WHAT THE TASK ASKS ->
Give back exactly the lines that start at the one containing "Some of the words" and run to the end of the material, leaving out the pictures.

EXERCISE INPUT ->
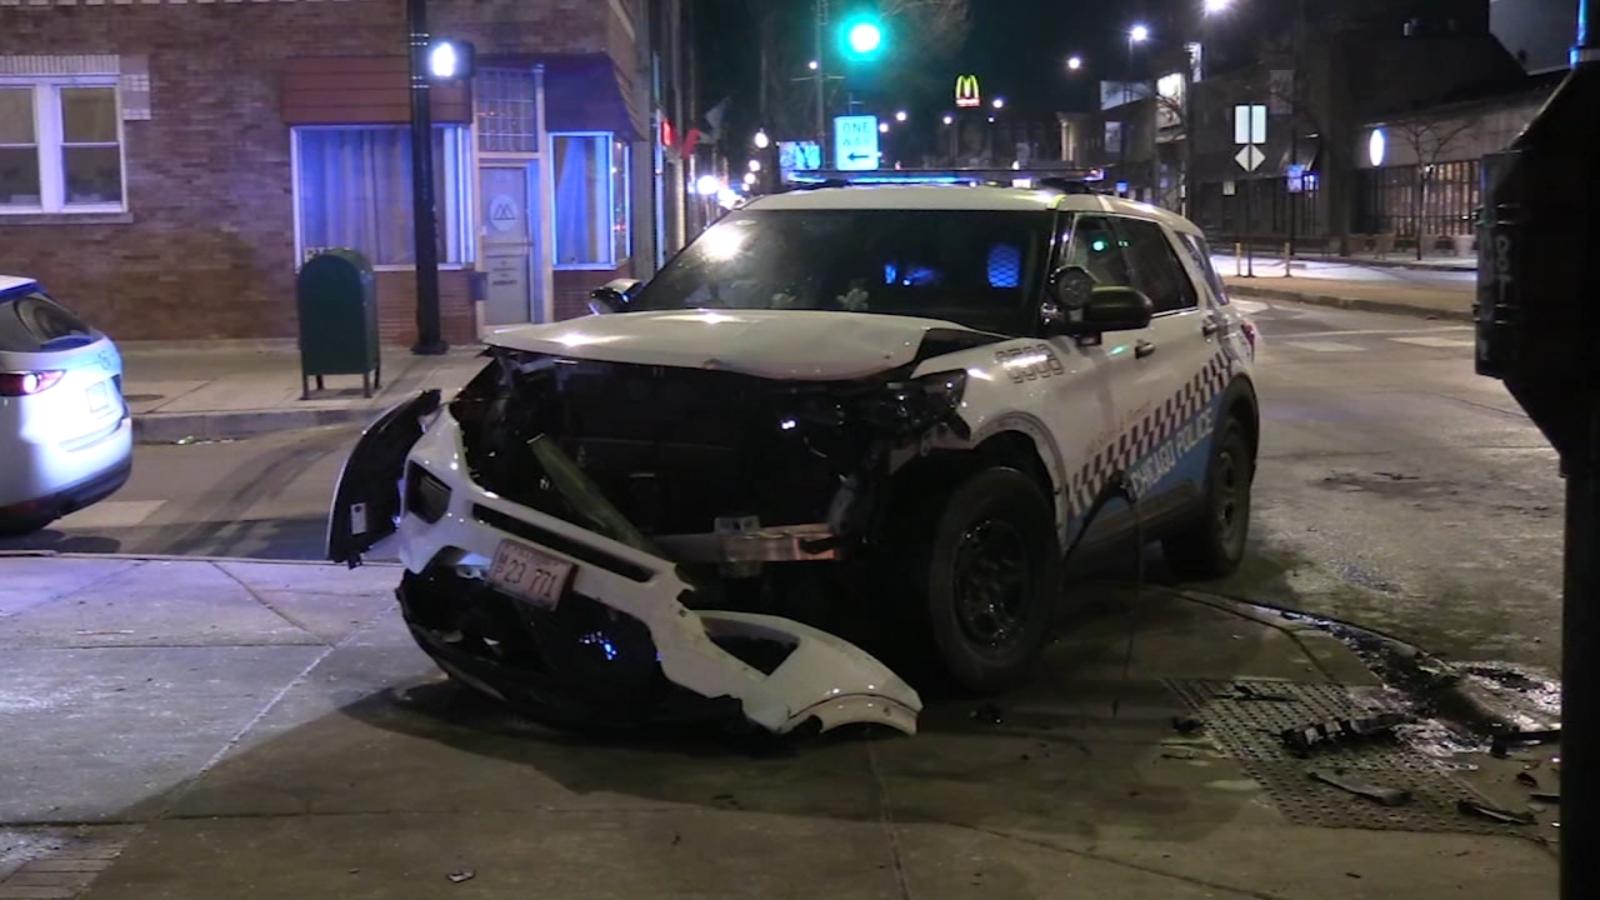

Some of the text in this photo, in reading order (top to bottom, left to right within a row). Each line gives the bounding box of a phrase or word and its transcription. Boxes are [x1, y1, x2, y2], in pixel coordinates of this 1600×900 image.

[843, 122, 868, 133] ONE
[1176, 406, 1214, 459] POLICE
[504, 559, 527, 585] 23
[530, 568, 557, 598] 771
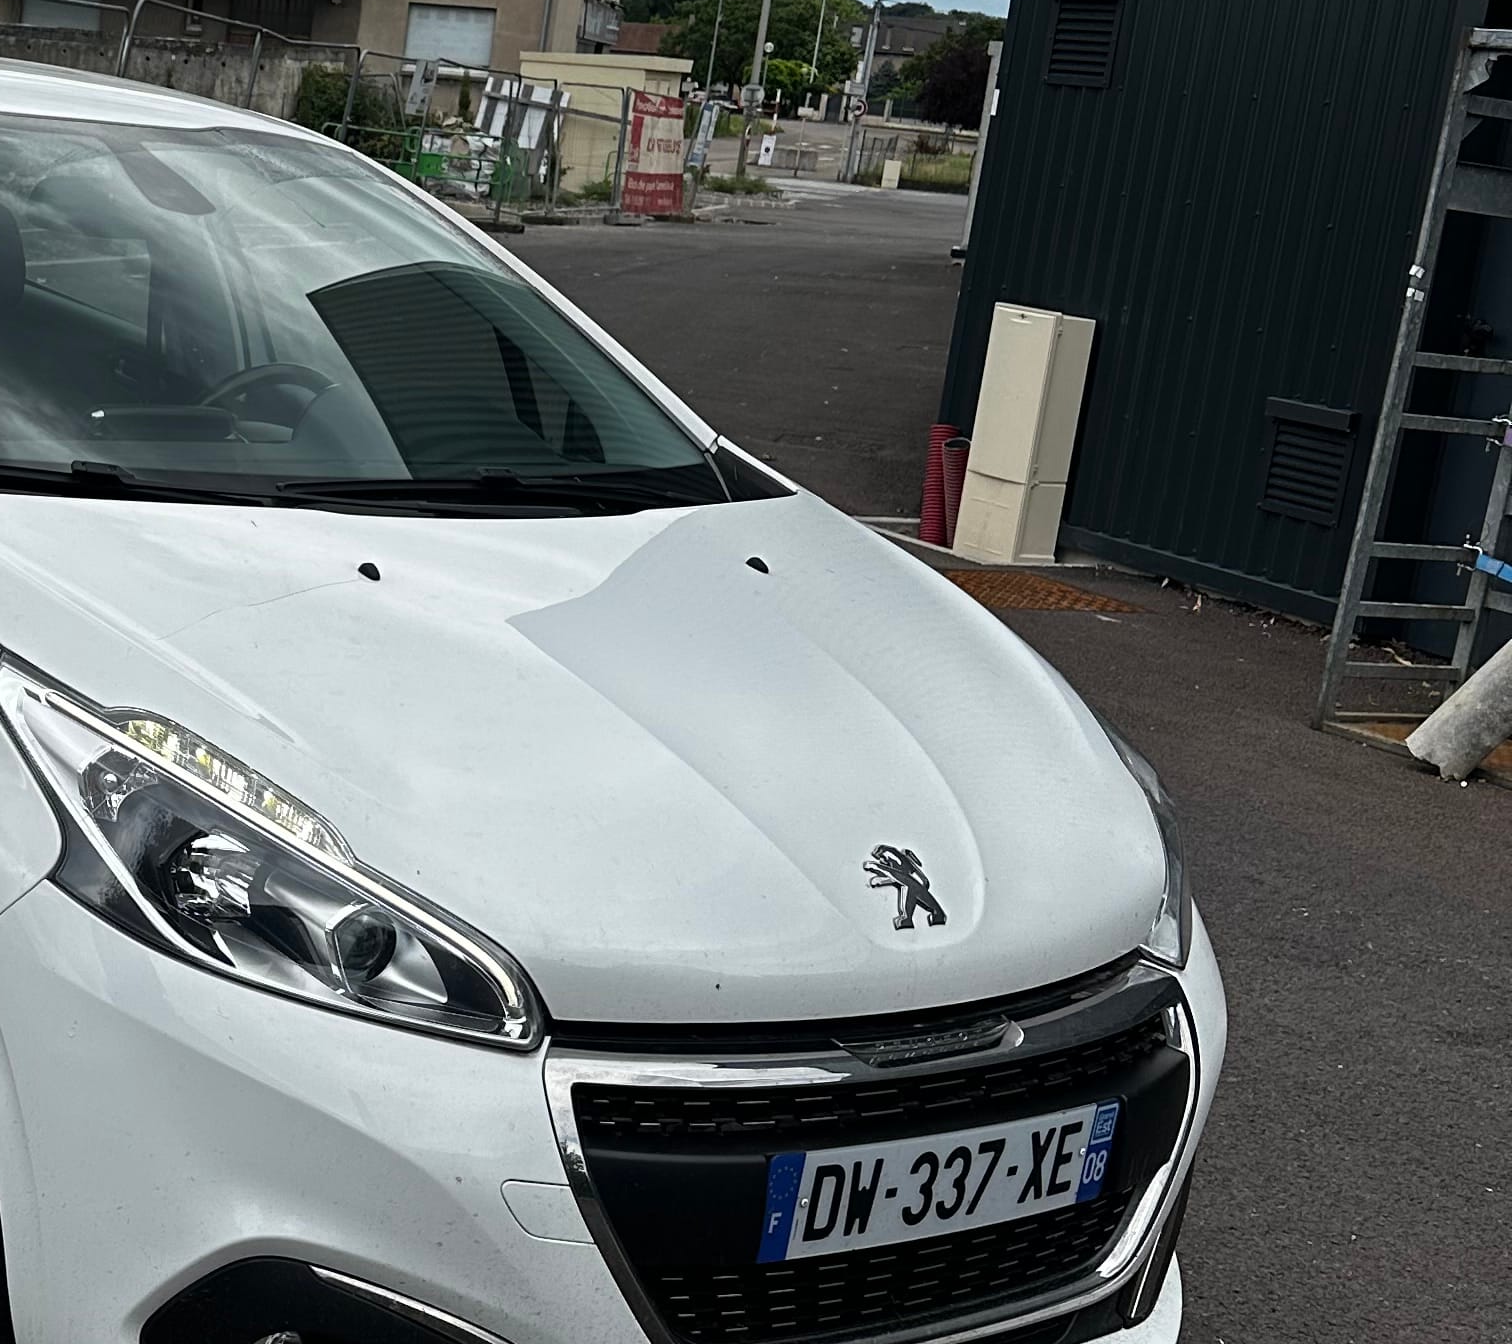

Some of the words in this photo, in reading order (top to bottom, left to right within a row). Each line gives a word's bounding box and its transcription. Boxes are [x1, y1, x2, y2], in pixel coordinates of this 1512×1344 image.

[802, 1121, 1084, 1242] DW-337-XE
[1082, 1150, 1108, 1184] 08
[768, 1212, 782, 1233] F
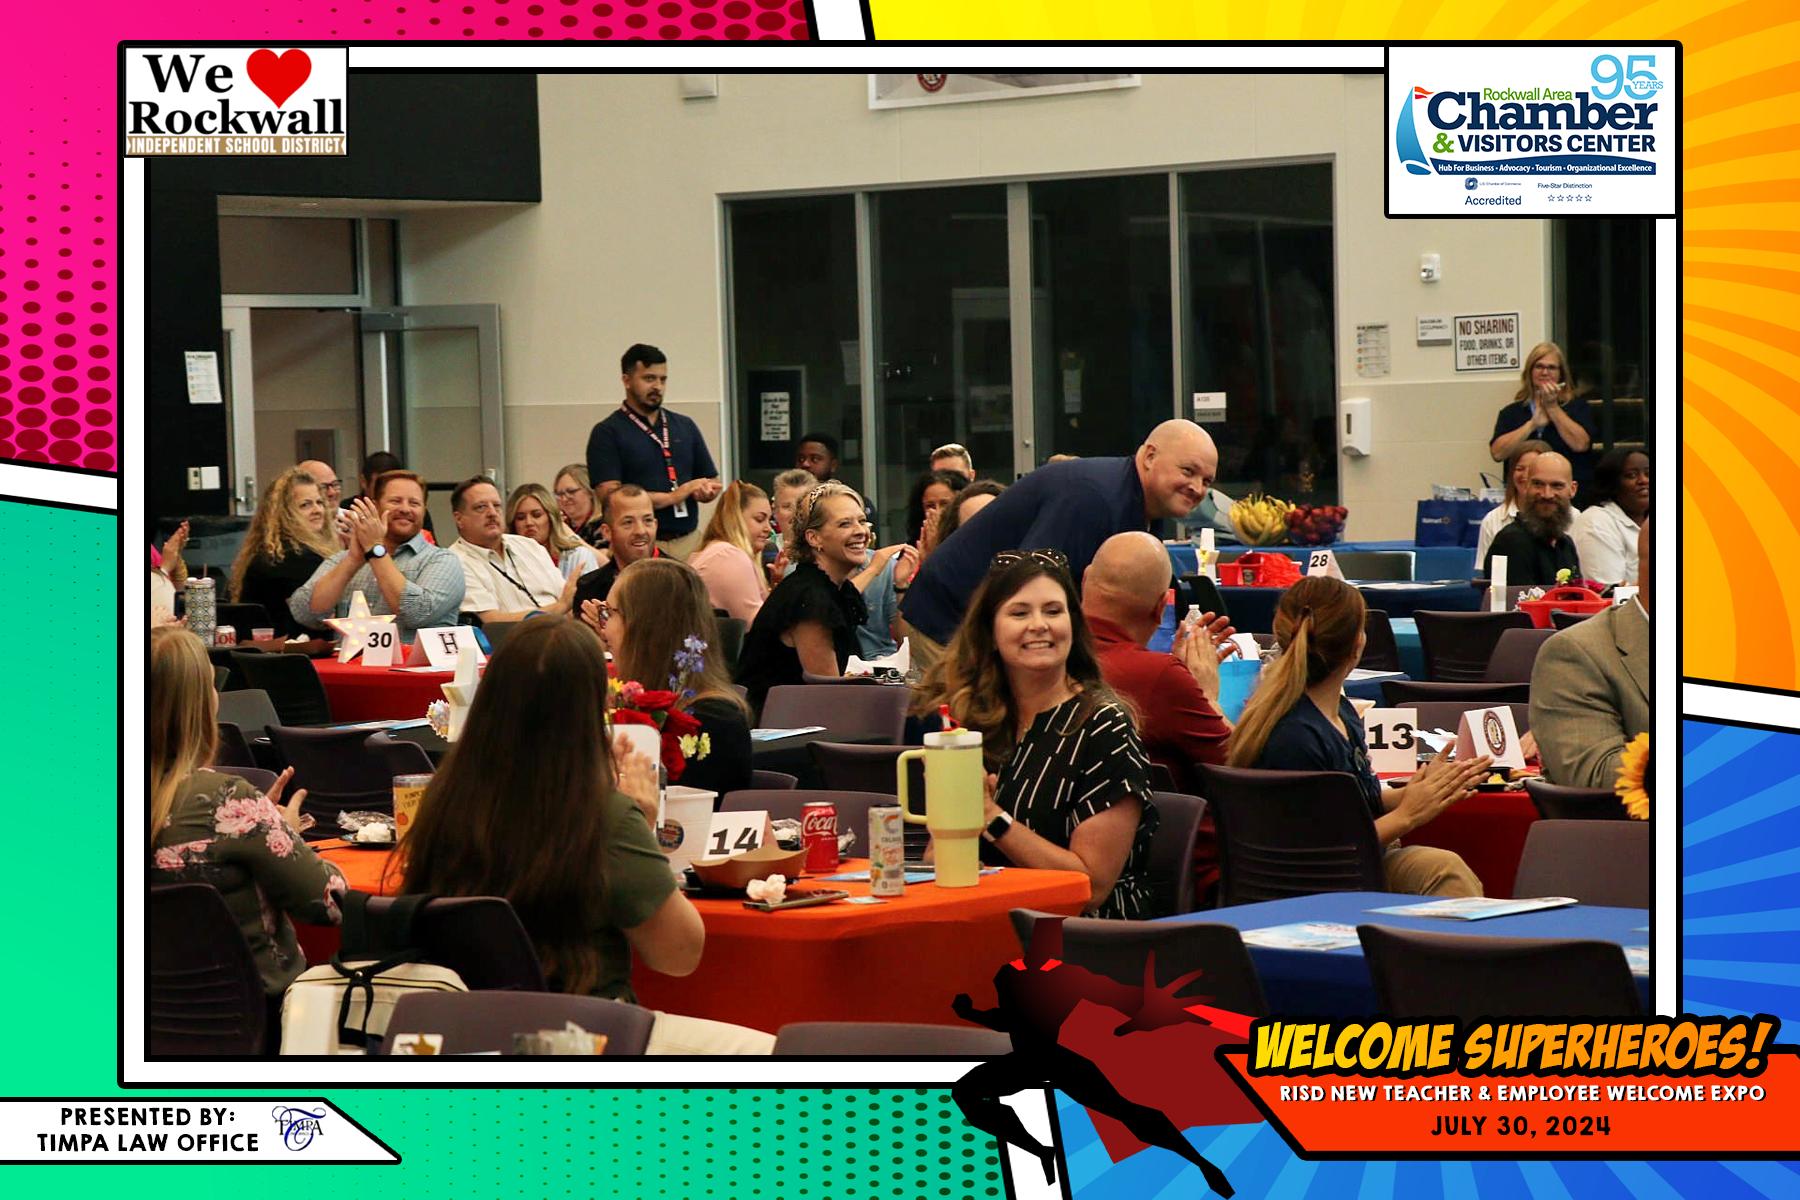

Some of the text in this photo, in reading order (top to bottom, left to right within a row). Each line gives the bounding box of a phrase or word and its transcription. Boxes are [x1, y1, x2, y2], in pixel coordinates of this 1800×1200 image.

[1459, 318, 1514, 336] NO SHARING
[1459, 340, 1478, 351] FOOD,
[1505, 338, 1514, 348] OR
[1467, 354, 1508, 366] OTHER ITEMS
[1310, 554, 1328, 568] 28
[367, 631, 393, 649] 30
[438, 632, 459, 654] H
[1368, 722, 1415, 750] 13
[708, 826, 758, 855] 14
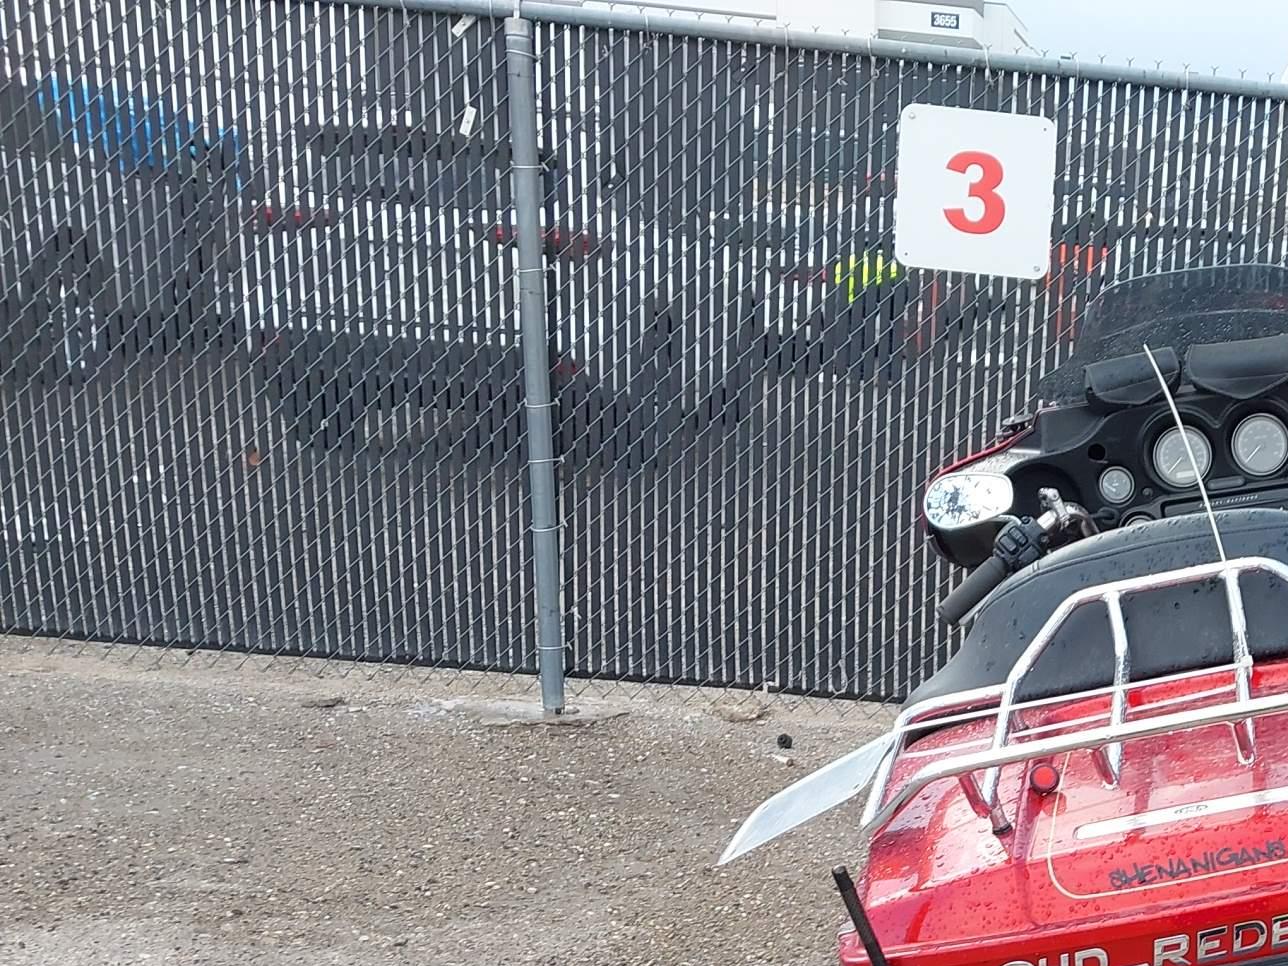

WRITTEN REPLY ->
Some of the words in this photo, in reading order (top to bottom, left to right within a row). Each line gives a word's bounding box and its transcription. Boxes are [x1, y1, x2, y2], in pixel coordinates of this 1512×1344 image.

[802, 1121, 1084, 1242] DW-337-XE
[1082, 1150, 1108, 1184] 08
[768, 1212, 782, 1233] F

Some of the text in this photo, in reading order (top to bottom, left to right within a row). Each line gives the bounding box of a phrase or word and its transcription. Boxes are [x1, y1, x2, y2], in pixel coordinates of this 1800×1200 image.

[1459, 318, 1514, 336] NO SHARING
[1459, 340, 1478, 351] FOOD,
[1505, 338, 1514, 348] OR
[1467, 354, 1508, 366] OTHER ITEMS
[1310, 554, 1328, 568] 28
[367, 631, 393, 649] 30
[438, 632, 459, 654] H
[1368, 722, 1415, 750] 13
[708, 826, 758, 855] 14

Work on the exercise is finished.